"Sail" is a song by the American rock band Awolnation. It was released as a single on November 8, 2010. The song was first featured on the band's debut extended play, Back from Earth (2010), and was later featured on their debut album, Megalithic Symphony (2011). The song was written and produced in Venice, California by group member Aaron Bruno, with Kenny Carkeet as audio engineer.

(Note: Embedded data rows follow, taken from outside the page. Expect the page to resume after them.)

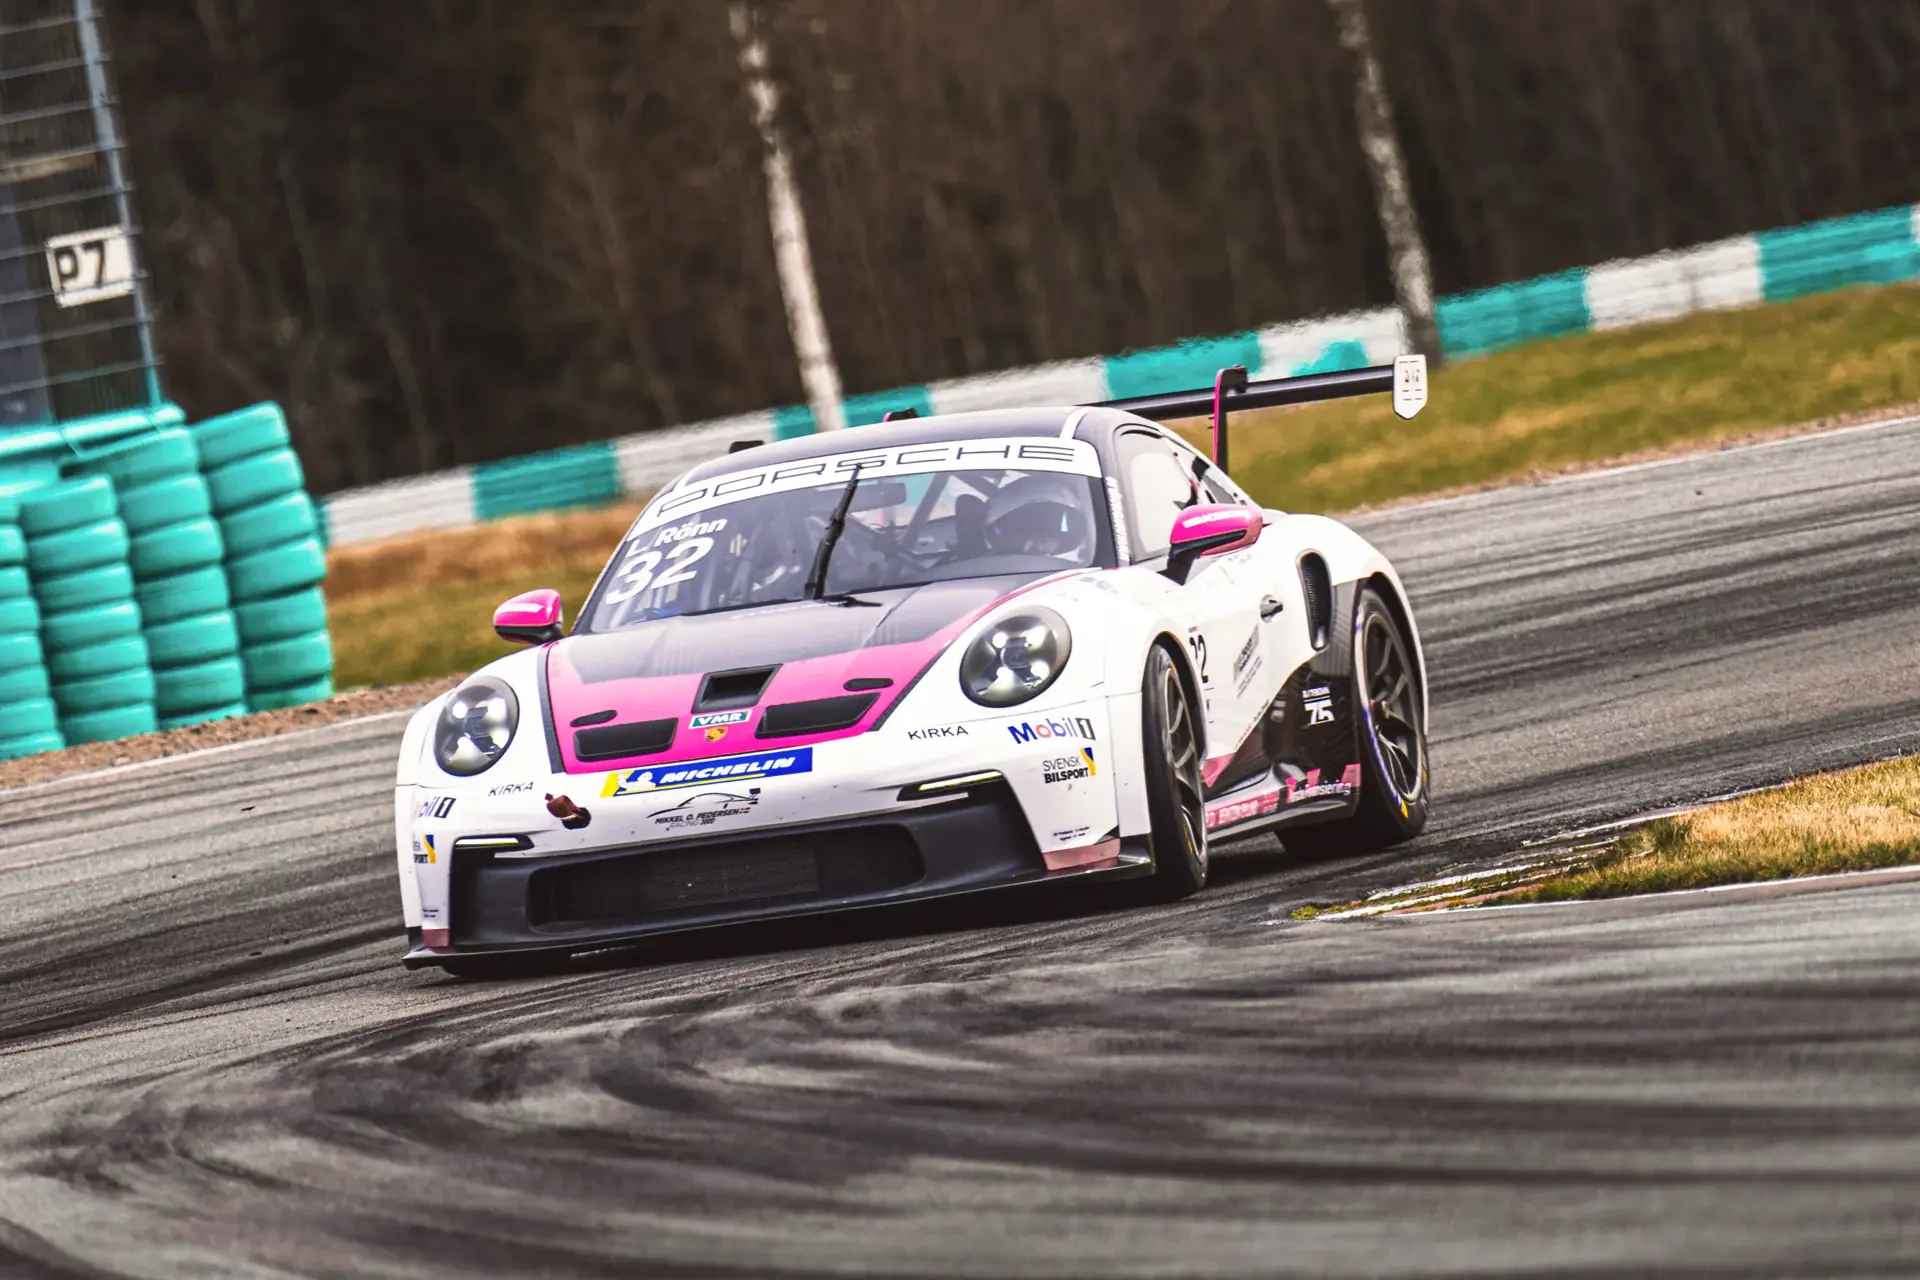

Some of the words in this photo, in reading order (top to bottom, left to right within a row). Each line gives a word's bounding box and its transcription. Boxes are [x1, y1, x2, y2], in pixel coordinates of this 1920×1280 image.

[53, 240, 105, 290] P7
[656, 445, 1075, 517] PORSCHE
[653, 519, 728, 547] Rönn
[605, 537, 714, 604] 32
[698, 713, 744, 726] VMR
[1304, 699, 1335, 725] 75
[907, 725, 969, 741] KIRKA
[1007, 717, 1076, 744] Mobil
[659, 757, 796, 784] MICHELIN
[1043, 756, 1081, 771] SVENSK
[1044, 767, 1089, 784] BILSPORT
[488, 781, 534, 797] KIRKA
[696, 808, 740, 820] PEDERSEN
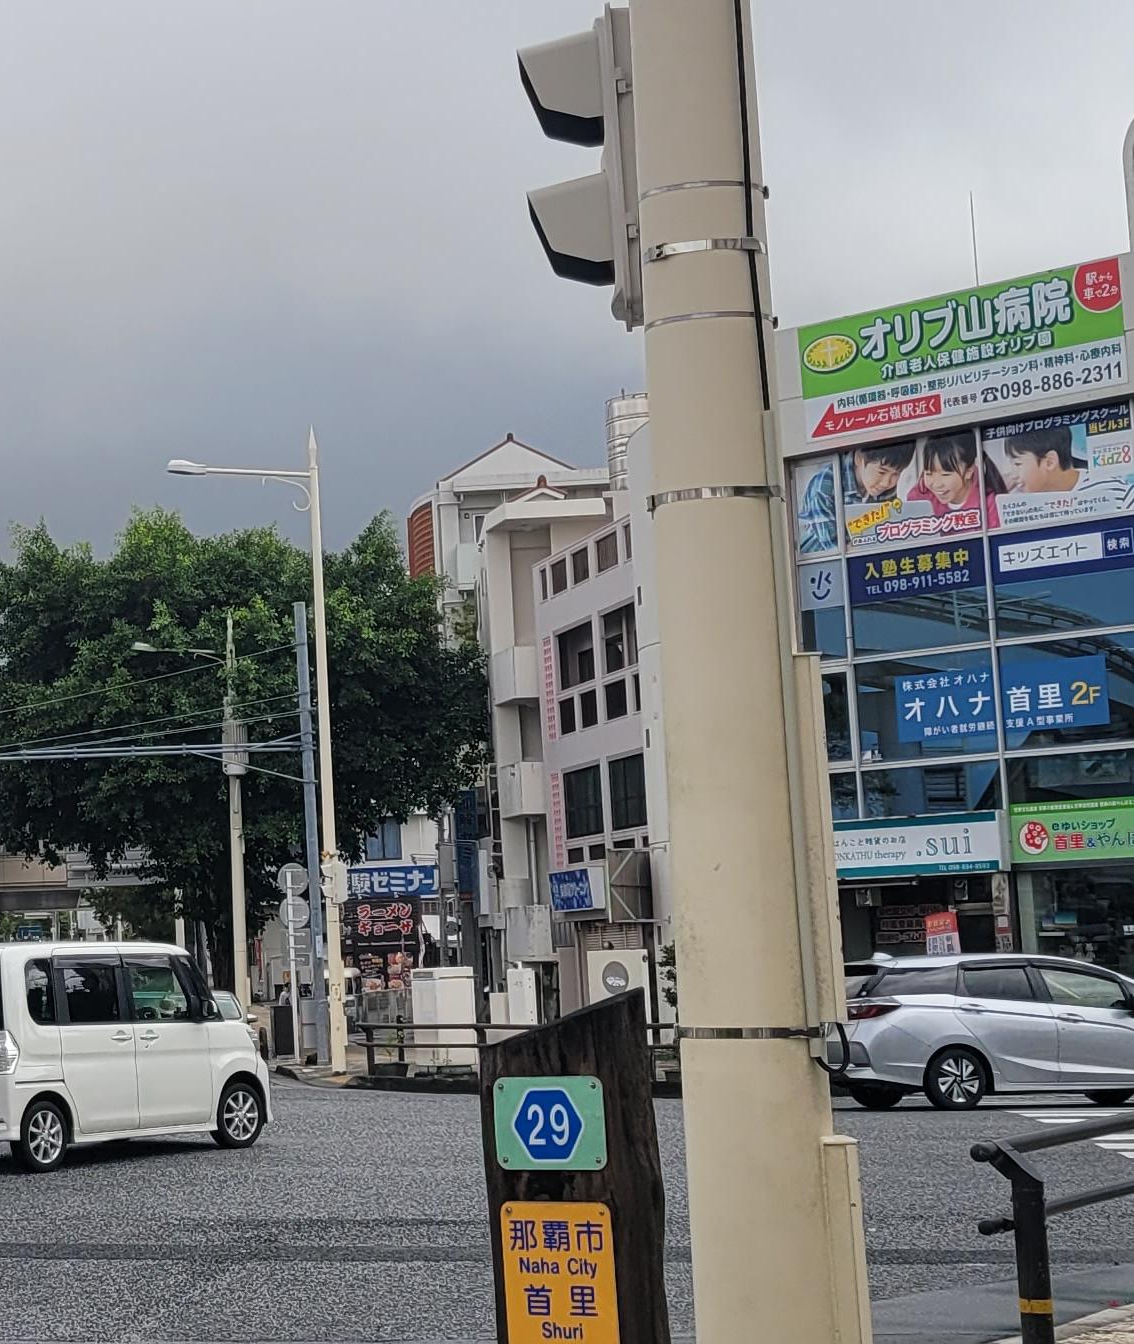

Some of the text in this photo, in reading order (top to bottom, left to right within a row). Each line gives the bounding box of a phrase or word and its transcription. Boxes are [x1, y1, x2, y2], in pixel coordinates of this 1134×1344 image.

[859, 277, 1071, 360] オリブ山病院
[881, 330, 1053, 380] 介護老人保健施設オリブ園
[943, 361, 1122, 408] 代表番号 098-886-2311
[825, 399, 937, 431] モノレール石嶺駅近く
[986, 405, 1129, 439] 子供向けプログラミングスクール
[877, 510, 981, 541] プログラミング教室
[1003, 541, 1088, 564] キッズエイト
[1107, 536, 1130, 551] 検索
[864, 548, 969, 580] 入塾生募集中
[866, 569, 970, 595] TEL 098-911-5582
[1070, 680, 1102, 706] 2F
[874, 850, 906, 861] therapy
[347, 869, 439, 894] 験ゼミナー
[357, 903, 413, 919] ラーメン
[527, 1103, 570, 1146] 29
[509, 1219, 604, 1253] 那覇市
[519, 1256, 598, 1279] Naha City
[524, 1284, 599, 1317] 首里
[542, 1322, 583, 1340] Shuri
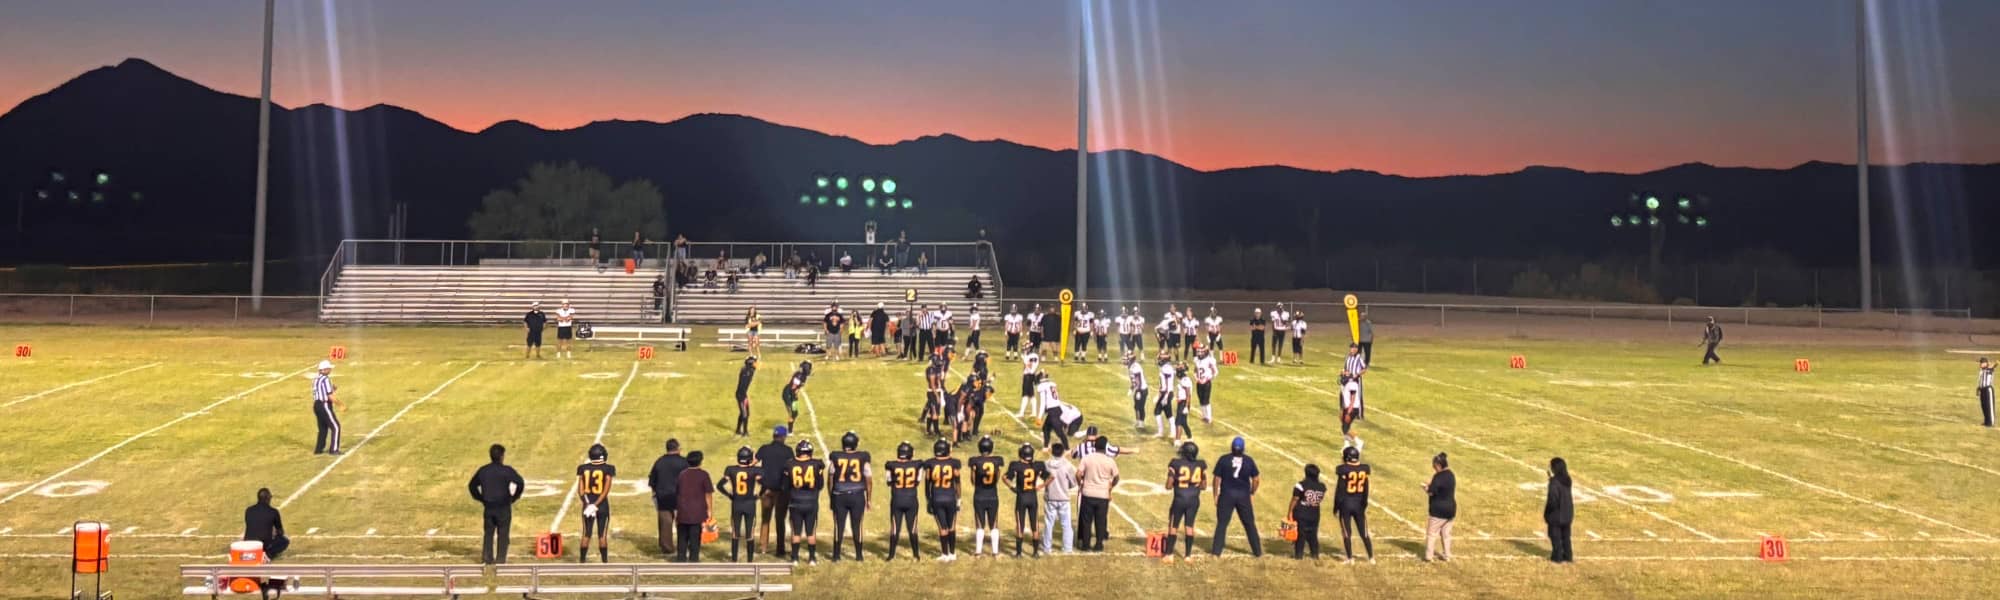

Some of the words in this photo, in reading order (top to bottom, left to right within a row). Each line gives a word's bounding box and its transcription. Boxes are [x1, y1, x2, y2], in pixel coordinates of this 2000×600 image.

[906, 289, 916, 300] 2
[331, 348, 343, 359] 40
[640, 347, 651, 359] 50
[1225, 352, 1237, 364] 30
[1513, 357, 1524, 368] 20
[792, 466, 815, 488] 64
[838, 459, 861, 482] 73
[894, 468, 916, 489] 32
[931, 465, 953, 488] 42
[982, 462, 994, 485] 3
[1178, 466, 1202, 488] 24
[1232, 458, 1243, 478] 7
[583, 470, 604, 494] 13
[735, 471, 748, 495] 6
[1023, 468, 1035, 491] 2
[1347, 471, 1366, 493] 22
[540, 536, 559, 555] 50
[1150, 536, 1168, 554] 40
[1766, 539, 1785, 557] 30
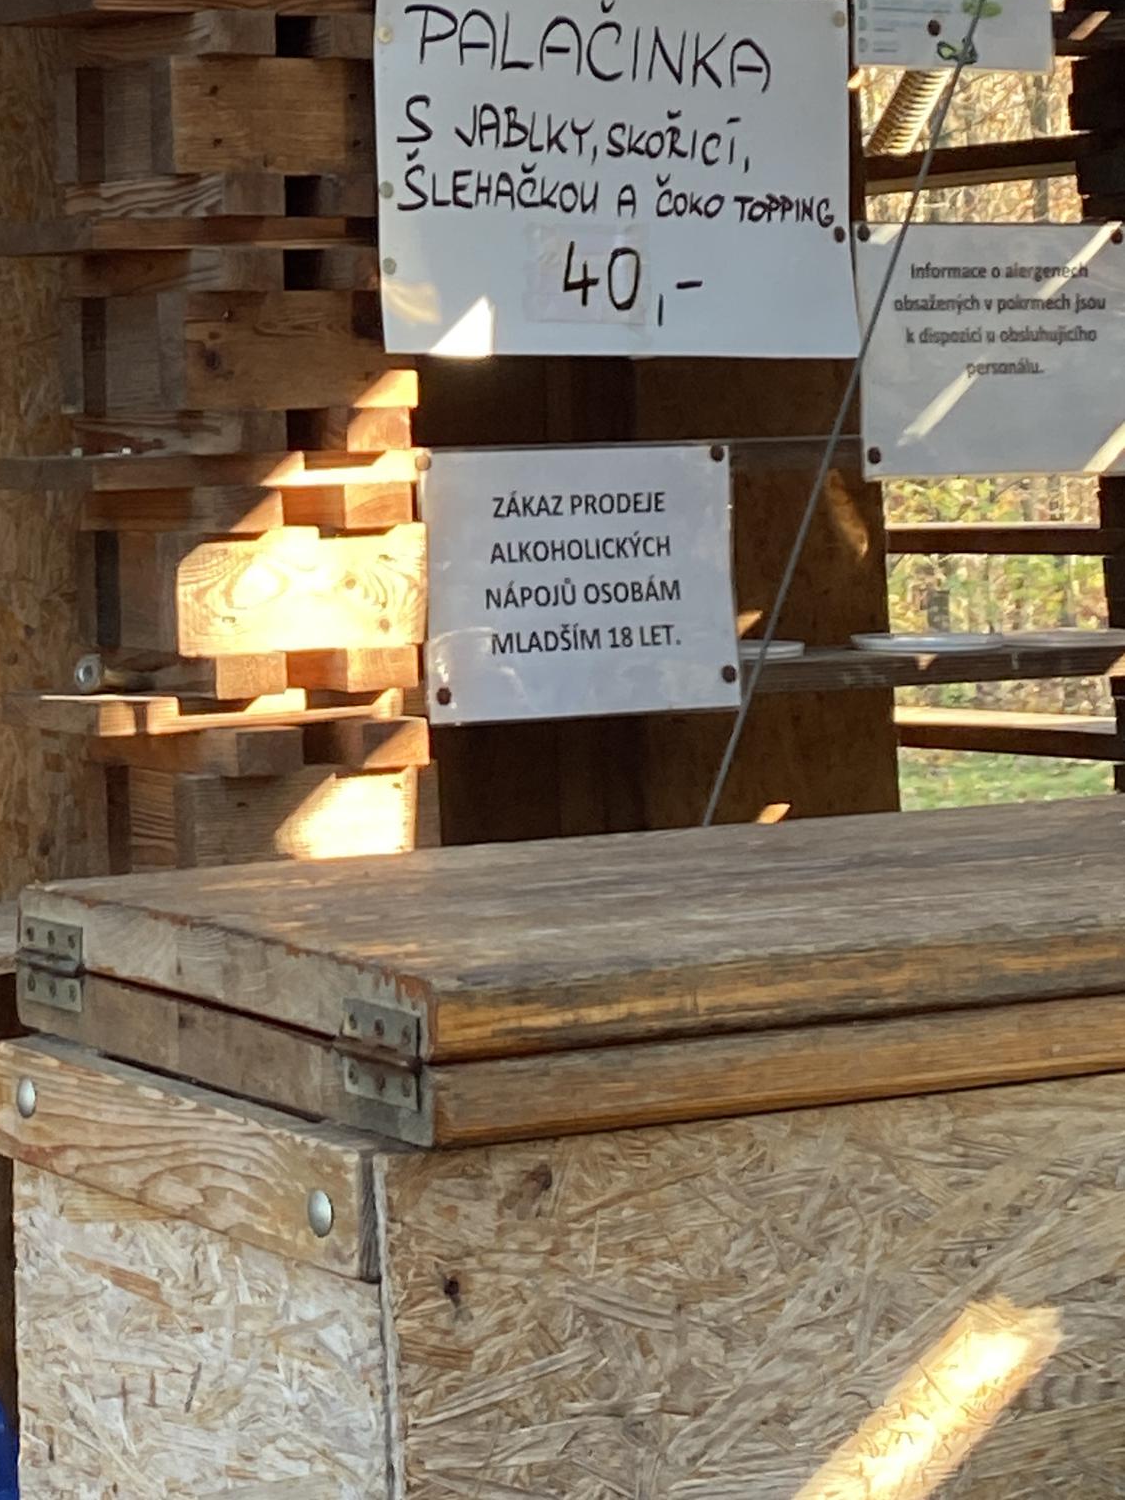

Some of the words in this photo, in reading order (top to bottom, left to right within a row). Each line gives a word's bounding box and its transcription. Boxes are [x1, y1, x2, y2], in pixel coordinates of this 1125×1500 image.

"Sail" is the band's most commercially successful song to date. It debuted at number 89 on the United States Billboard Hot 100 chart in September 2011, spending 20 weeks on the chart before dropping out. The single re-entered the Hot 100 a year later, becoming a massive sleeper hit and reaching a new peak of number 17. "Sail" is the first song to climb to its peak after a year on the Hot 100. It spent the fourth-longest amount of time on the Billboard Hot 100 chart with 79 weeks behind only the Weeknd's "Blinding Lights" (90 weeks), Imagine Dragons' "Radioactive" (87 weeks) and the Glass Animals hit ”Heat Waves” (91 weeks). As of October 2022, the song has accumulated more than 700 million streams on Spotify.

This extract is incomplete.